Brett D. Watson bwatson at mci.net
Mon Oct 23 21:56:30 UTC 1995


  That was precisely the point of my last note.  I *want* to get involved in 
finding a reliable way to measure network performance and I *want* to be 
proactive at it.  I absolutely hate telling customers that "pinging a cisco is 
not a good indicator..." but like you say "there ain't no other way".  Just as 
ping and traceroute are not good indicators of performance, saying that they 
aren't good indicators is *not* acceptable to customers paying money for your 
service.  

 So just for the record, I'm not working for a provider and whining that it's 
not our fault.  I want to find a good way to measure peformance on my network 
and I'd love to be able to publish some results.  Guy Almes contacted me about 
getting involved and that's just what I want to do.

-brett

> >  A couple quick points:  the place to go to for this kind
> >of thing should be your direct service provider, who hopefully
> >has some means of communicating with upstream and peer providers
> >when things are going wrong somehow, or at least might be
> >able to give you some additional information.
> 
> Ahem, my success rate at that has been less than stellar.
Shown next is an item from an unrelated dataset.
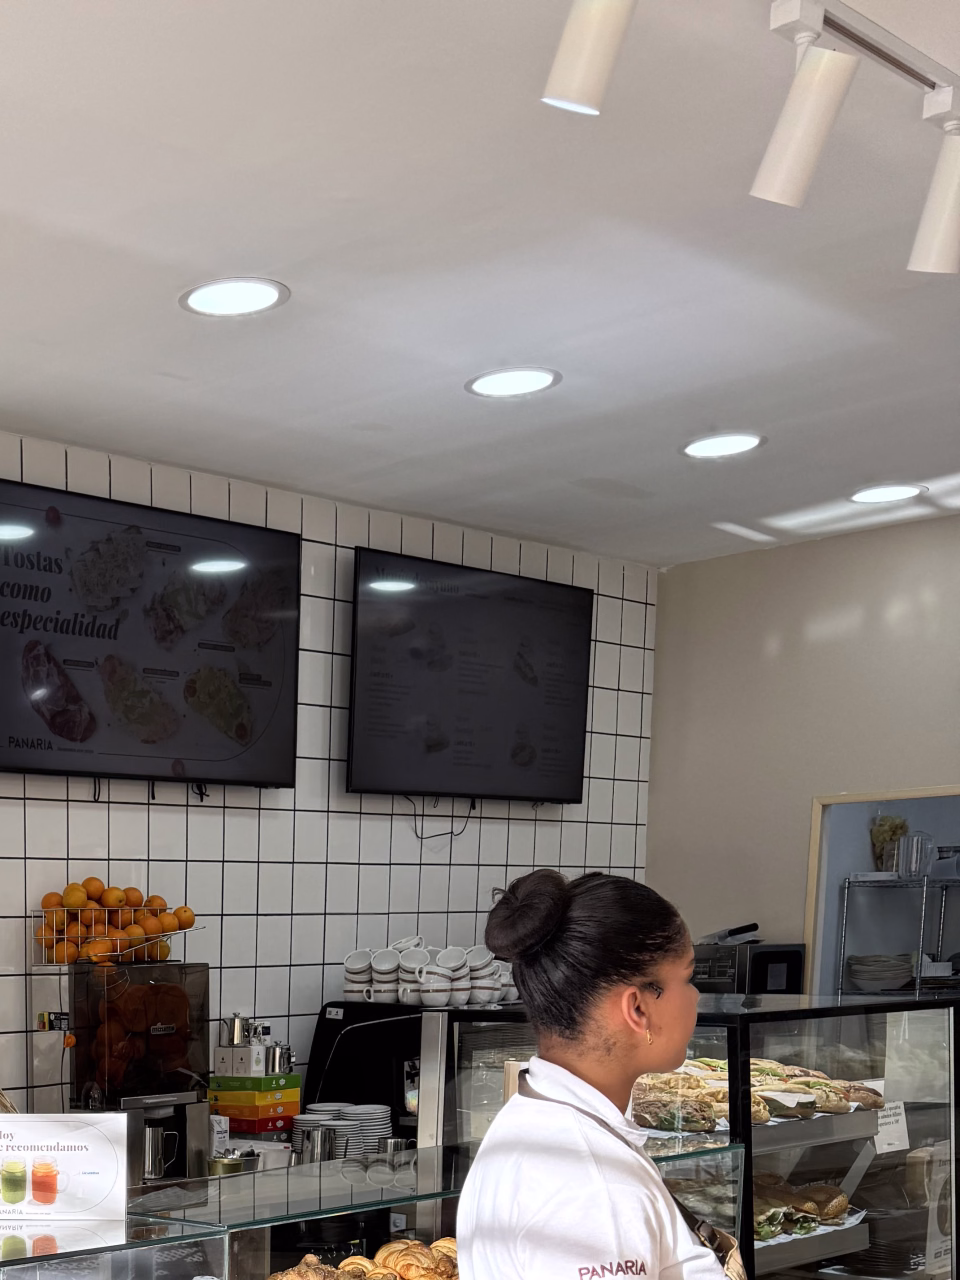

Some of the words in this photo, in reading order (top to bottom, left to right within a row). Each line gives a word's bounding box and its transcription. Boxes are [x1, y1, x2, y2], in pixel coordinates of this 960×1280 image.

If you guys
> (you service providers, not you Sean) are so worried about being asked
> questions in public (and short of com-priv, I see no more logical place
> for this than NANOG if "local" questions don't work], why don't you
> work on schemes to pro-actively publish performance data?  Otherwise
> you *will* get called to the table based on ping and traceroute data,
> there just ain't no other way. Either *you* do it, or others will do it
> for you, with the tools they find most appropriate, and all your
> whining will eventually be discounted. Be pro-active, or give them
> better tools. You *asked* to be in the kitchen, *you* better deliver a
> working network, including at the Internet-systemic level and not only
> in your own service provider centric environment. I suppose that if
> you guys can't figure it out yourself, there is always the opportunity
> to get it fixed by someone else. Like, ahem, regulation.